Task to complete> Only the count is needed. Count the lines below with the word "WATER" in them.

:: Data in this exercise ::

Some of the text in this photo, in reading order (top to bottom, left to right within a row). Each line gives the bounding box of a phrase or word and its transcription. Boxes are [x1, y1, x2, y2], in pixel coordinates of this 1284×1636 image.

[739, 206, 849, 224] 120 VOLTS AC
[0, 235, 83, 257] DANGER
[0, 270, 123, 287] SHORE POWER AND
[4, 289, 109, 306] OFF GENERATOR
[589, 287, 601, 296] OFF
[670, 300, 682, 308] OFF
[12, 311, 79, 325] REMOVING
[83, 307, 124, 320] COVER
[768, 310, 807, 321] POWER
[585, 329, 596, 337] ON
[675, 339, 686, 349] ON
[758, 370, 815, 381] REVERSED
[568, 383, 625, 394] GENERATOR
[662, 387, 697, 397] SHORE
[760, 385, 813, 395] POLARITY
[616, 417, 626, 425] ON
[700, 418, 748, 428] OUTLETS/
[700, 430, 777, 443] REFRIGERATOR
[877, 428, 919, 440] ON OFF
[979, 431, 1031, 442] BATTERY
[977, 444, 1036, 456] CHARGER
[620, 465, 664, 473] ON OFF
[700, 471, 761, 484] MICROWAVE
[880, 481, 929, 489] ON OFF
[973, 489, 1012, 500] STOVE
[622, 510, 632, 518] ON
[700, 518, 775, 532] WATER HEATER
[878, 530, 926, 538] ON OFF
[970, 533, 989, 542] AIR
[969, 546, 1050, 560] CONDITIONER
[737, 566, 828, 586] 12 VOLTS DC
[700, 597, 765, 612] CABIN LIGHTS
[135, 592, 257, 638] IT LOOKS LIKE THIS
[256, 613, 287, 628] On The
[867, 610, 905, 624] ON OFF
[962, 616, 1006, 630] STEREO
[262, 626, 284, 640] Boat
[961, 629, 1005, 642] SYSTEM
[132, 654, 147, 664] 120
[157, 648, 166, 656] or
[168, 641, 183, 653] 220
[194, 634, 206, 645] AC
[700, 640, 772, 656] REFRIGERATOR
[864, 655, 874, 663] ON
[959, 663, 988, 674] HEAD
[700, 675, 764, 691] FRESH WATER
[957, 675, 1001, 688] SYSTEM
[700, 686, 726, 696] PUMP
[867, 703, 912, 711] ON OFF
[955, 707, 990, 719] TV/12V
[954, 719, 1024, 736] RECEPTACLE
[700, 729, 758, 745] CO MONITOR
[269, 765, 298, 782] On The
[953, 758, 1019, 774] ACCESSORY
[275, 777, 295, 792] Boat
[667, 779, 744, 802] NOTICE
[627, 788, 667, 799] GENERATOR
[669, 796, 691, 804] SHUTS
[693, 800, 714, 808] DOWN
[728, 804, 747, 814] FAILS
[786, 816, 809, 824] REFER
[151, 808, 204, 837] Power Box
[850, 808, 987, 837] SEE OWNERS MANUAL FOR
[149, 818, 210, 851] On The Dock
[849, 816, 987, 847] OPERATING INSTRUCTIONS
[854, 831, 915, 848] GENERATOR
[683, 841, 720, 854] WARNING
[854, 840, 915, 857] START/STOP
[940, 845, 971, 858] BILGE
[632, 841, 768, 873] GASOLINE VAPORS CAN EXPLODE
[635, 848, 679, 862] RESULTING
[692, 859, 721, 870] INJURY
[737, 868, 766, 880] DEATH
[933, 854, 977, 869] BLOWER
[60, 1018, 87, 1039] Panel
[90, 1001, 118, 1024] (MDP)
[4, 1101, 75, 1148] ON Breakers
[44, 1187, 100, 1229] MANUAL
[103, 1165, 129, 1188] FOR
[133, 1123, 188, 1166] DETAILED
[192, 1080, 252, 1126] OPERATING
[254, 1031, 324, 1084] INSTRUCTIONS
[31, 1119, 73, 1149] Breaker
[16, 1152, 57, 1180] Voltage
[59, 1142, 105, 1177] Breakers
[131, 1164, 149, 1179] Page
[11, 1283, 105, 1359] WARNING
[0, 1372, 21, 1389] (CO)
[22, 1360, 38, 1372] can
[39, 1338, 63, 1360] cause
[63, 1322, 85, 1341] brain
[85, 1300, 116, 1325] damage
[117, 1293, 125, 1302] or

:::

Your solution> 2